Audiam, the digital reproduction rights collection agency, is bringing the technology that it uses to track down unclaimed money of copyright owners to its client portal so that artists, songwriters…

Audiam, the digital reproduction rights collection agency, is bringing the technology that it uses to track down unclaimed money of copyright owners to its client portal so that artists, songwriters, publishers and labels can see detailed reports on every version of a song at every service, even covers that songwriters and publishers might not know existed.

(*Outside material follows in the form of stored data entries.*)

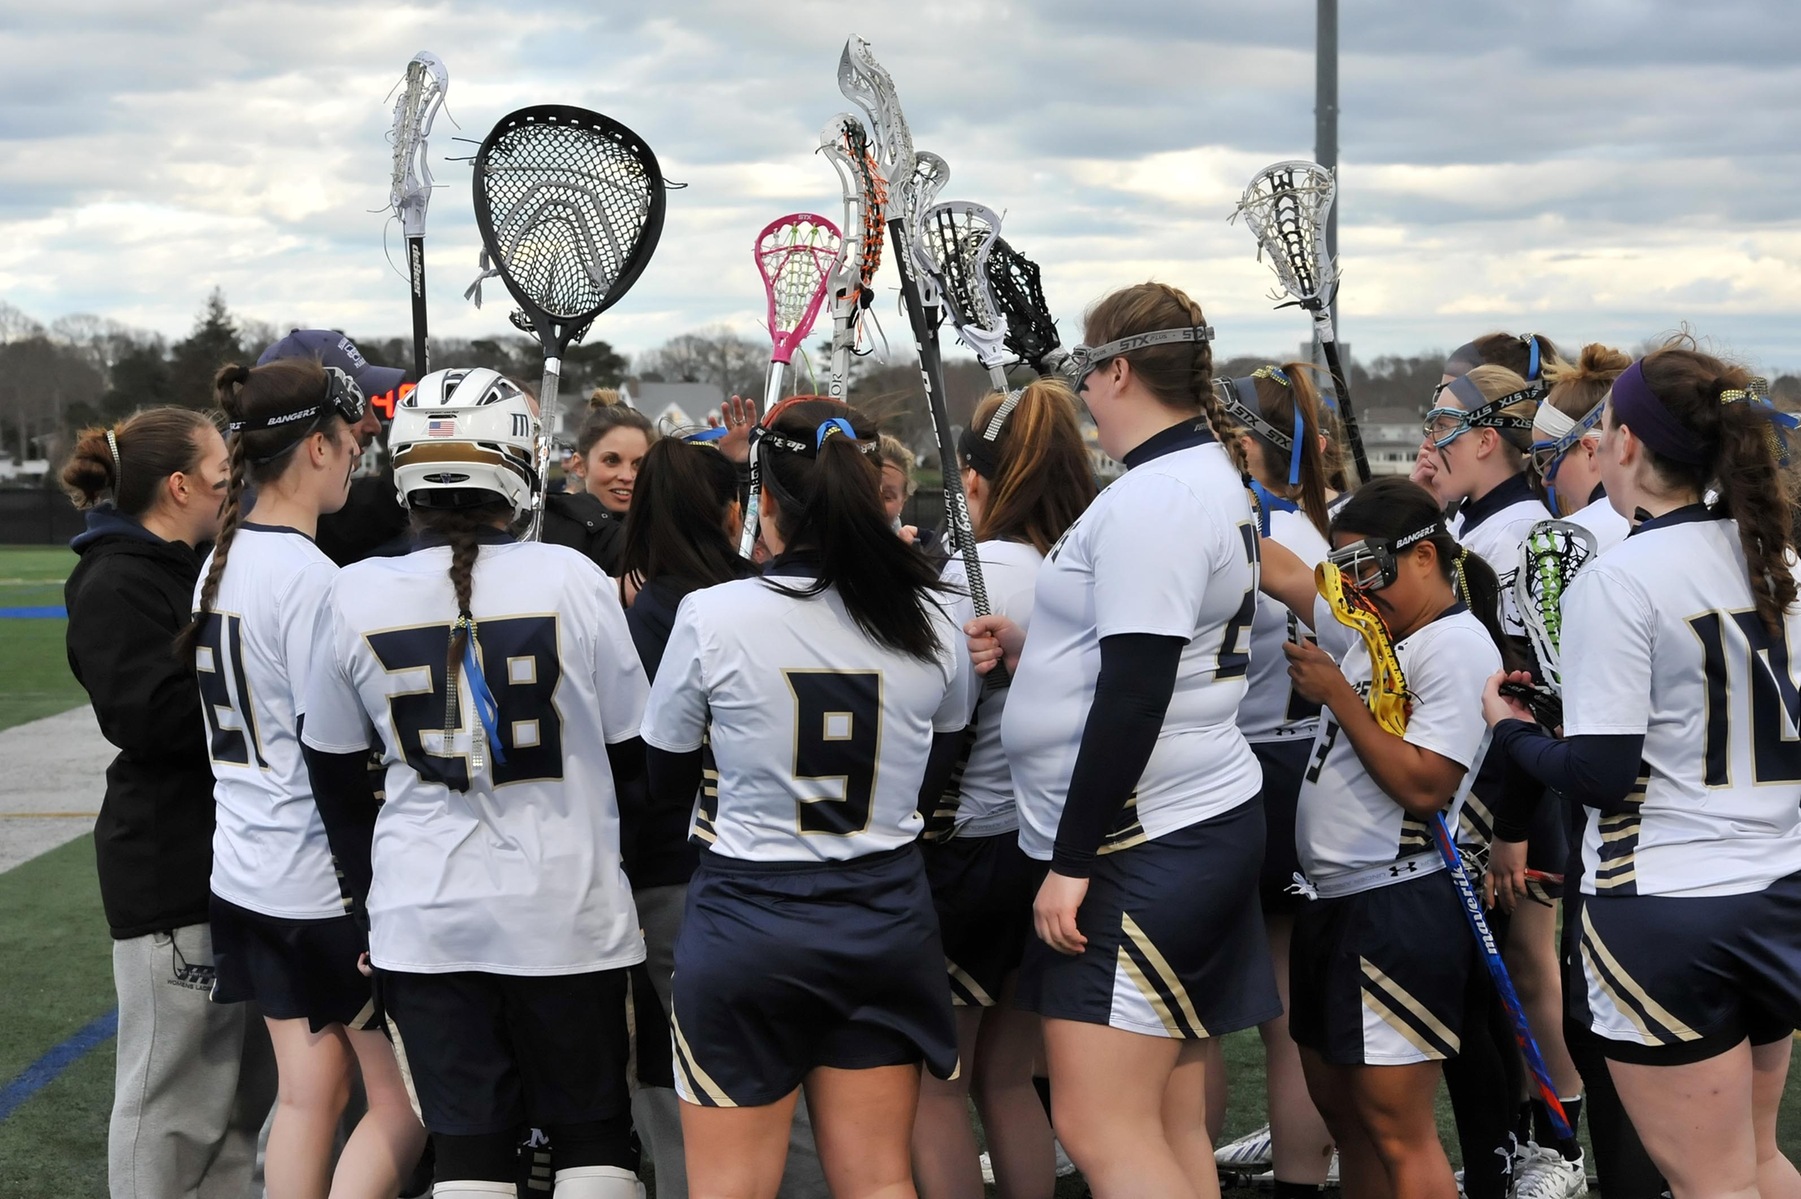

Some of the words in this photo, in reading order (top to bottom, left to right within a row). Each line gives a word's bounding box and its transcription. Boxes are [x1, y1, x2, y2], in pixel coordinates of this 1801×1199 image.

[412, 243, 421, 298] deBeer
[898, 227, 916, 282] deBeer
[1119, 335, 1150, 351] STX
[267, 406, 317, 426] BANGERZ
[1234, 406, 1259, 427] STX
[1265, 429, 1291, 448] STX
[1466, 405, 1493, 424] STX
[1498, 392, 1523, 408] STX
[1478, 417, 1504, 427] STX
[955, 492, 972, 532] 6000
[1396, 524, 1437, 549] BANGERZ
[360, 612, 565, 796] 28
[779, 667, 885, 838] 9
[1450, 864, 1498, 955] maverik

“How can a music publisher expect to collect all of their money if they don’t have a list of all the things making it for them?” asks Audiam CEO and co-founder Jeff Price, who says Audiam clients can find out about those recordings and collect even more found money through Audiam services, while viewing the firm’s effort on behalf of its clients through its recently launched income-tracking system, dubbed Layla

“The Layla system sifts through mountains of data to help find all the recordings and YouTube videos of a song, tracks the uses, collects the money and identifies what is and is not being paid on,” Price said in a statement “The end result is more money going into the pockets of the songwriters and publishers.”

Price claims that even after Audiam deducts its administration fee, the company usually grows a new client’s revenue by 35 to 40 percent. Audiam clients include Round Hill Music, Third Side Music, Creeping Death Music , Rough Trade Publishing and Sony/ATV Music Publishing, among others.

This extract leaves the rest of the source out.